Comment peut-on être assez con pour écrire que la vie sera absolument mieux demain ?

C'est faire complètement fi de l'histoire. Tenez, il suffit d'extrapoler. Imaginez un jeune français de vingt ans en 1910 qui aurait pensé pareil : que la vie sera meilleure entre 1914 et 1918 et encore bien meilleure entre 1939 et 1945.

C'est vraiment nier la bêtise humaine et cracher honteusement sur toutes les dictatures établies. C'est croire au pays des bisounours en s'excluant de la vérité affichée de la folie de certains présidents actuels de grandes puissances mondiales.
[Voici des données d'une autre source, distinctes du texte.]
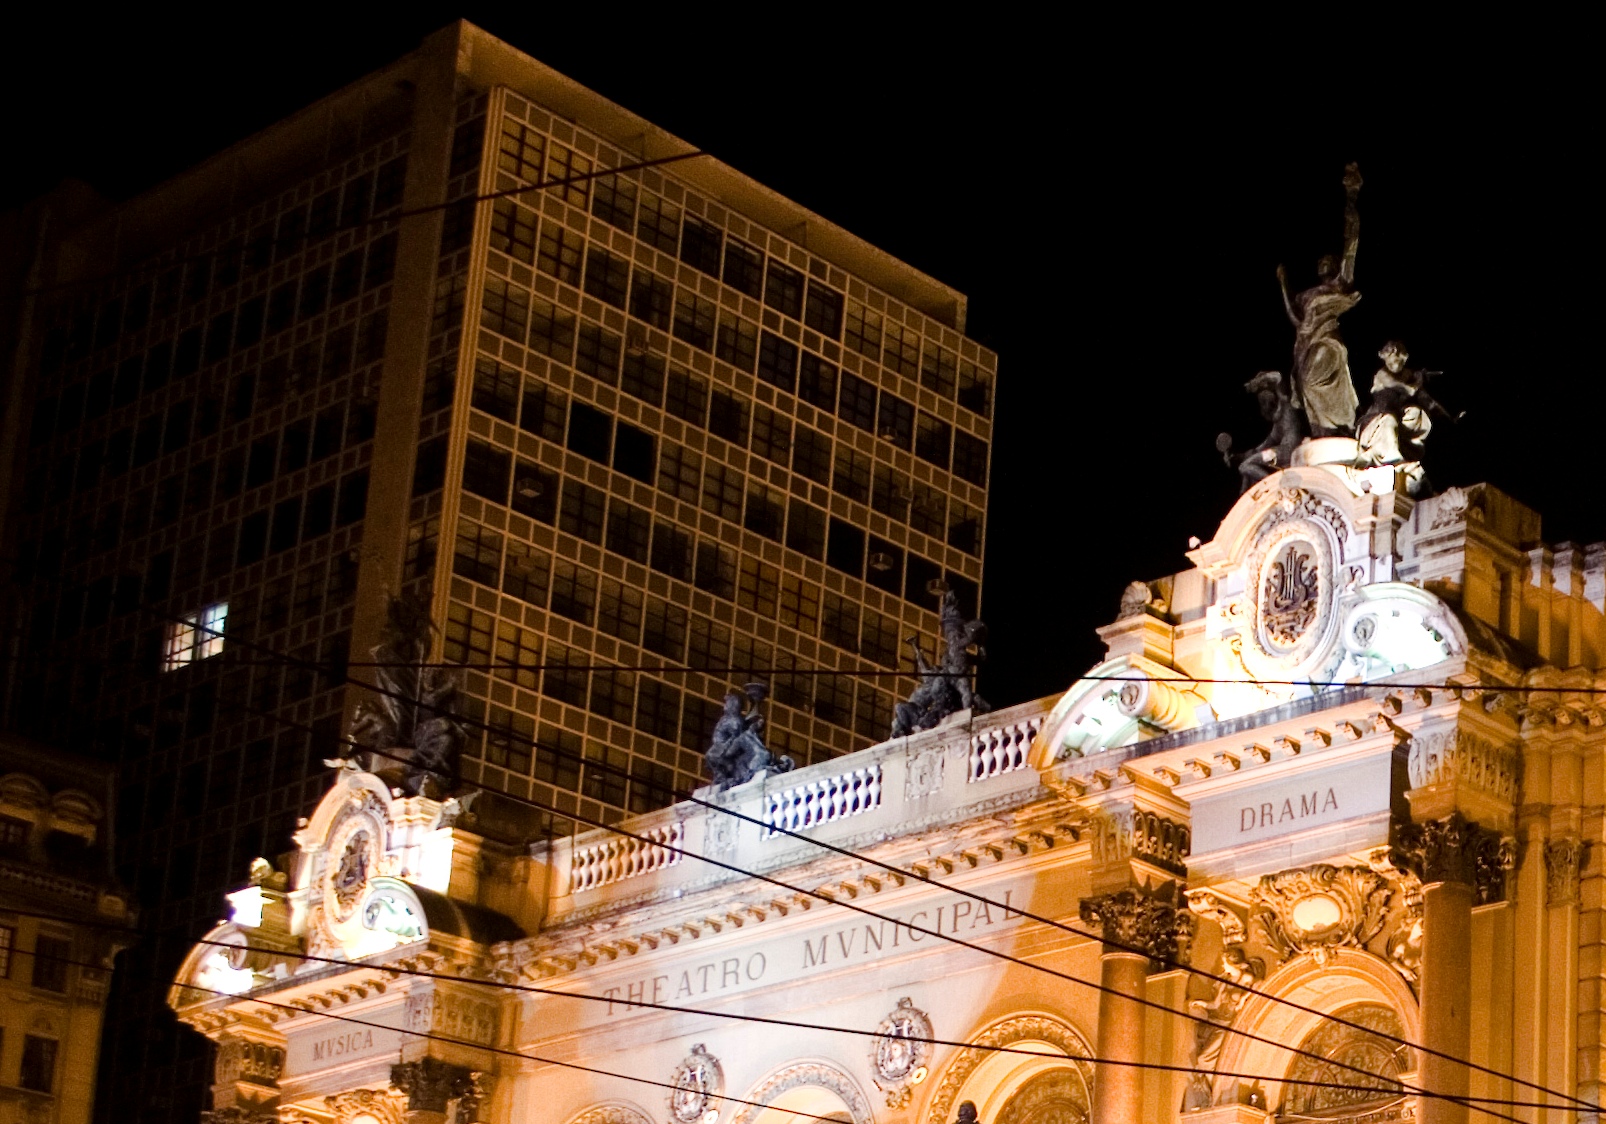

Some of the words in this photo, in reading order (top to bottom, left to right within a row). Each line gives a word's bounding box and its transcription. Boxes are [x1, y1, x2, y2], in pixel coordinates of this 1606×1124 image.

[1240, 787, 1339, 832] DRAMA
[603, 951, 767, 1016] THEATRO
[802, 889, 1025, 969] MVNICIPAL
[312, 1029, 374, 1061] MVSICA
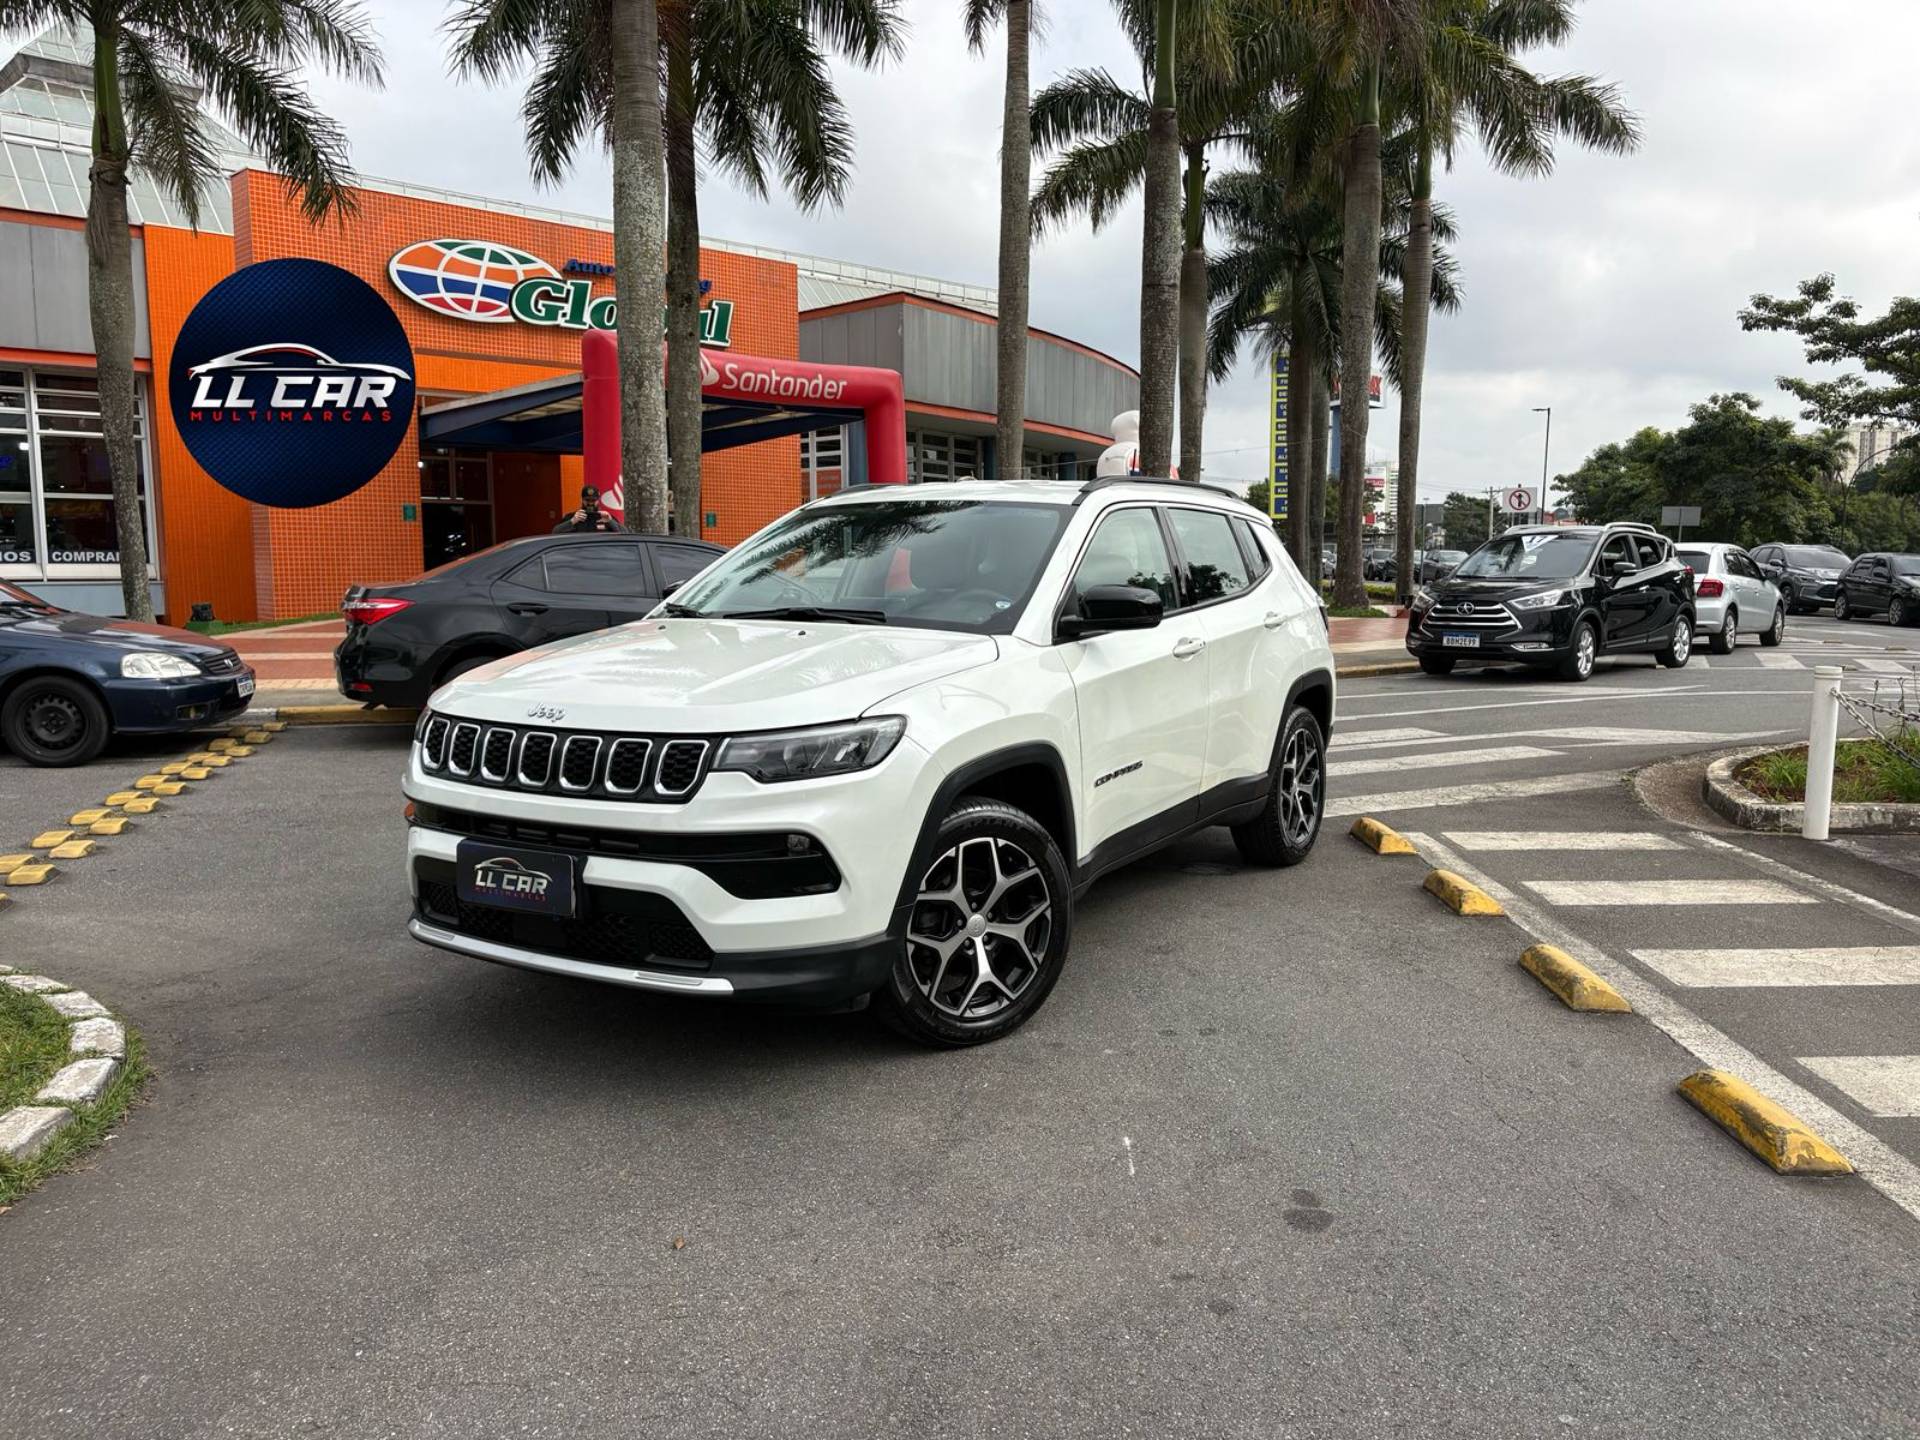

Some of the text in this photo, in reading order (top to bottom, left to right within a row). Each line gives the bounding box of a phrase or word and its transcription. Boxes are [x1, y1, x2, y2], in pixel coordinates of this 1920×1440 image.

[563, 258, 615, 276] Auto
[511, 278, 734, 346] Glol
[722, 363, 847, 399] Santander
[0, 551, 31, 562] OS
[527, 702, 566, 723] Jeep
[1094, 760, 1143, 788] COMPASS
[475, 870, 548, 894] LL CAR
Mais comment peut-on être aussi con et oser l'écrire ? [Pascal Praud « Vivement hier ? » dans Cnews du jeudi 27 septembre]. Ils sont nuls à chier ses exemples. Que fait-il du SIDA et du résultat d'un conflit nucléaire généralisé ? Les médiocres améliorations qu'il liste ne valent rien comparé aux risques surmultipliés que notre société prépare en cachette au futur de l'humanité.

Je m'estime bien être décliniste, pas du tout par nostalgie mais plutôt par crainte de la tournure que prend le futur. Et ce n'est pas moi qui ait inventé la « collapsologie ».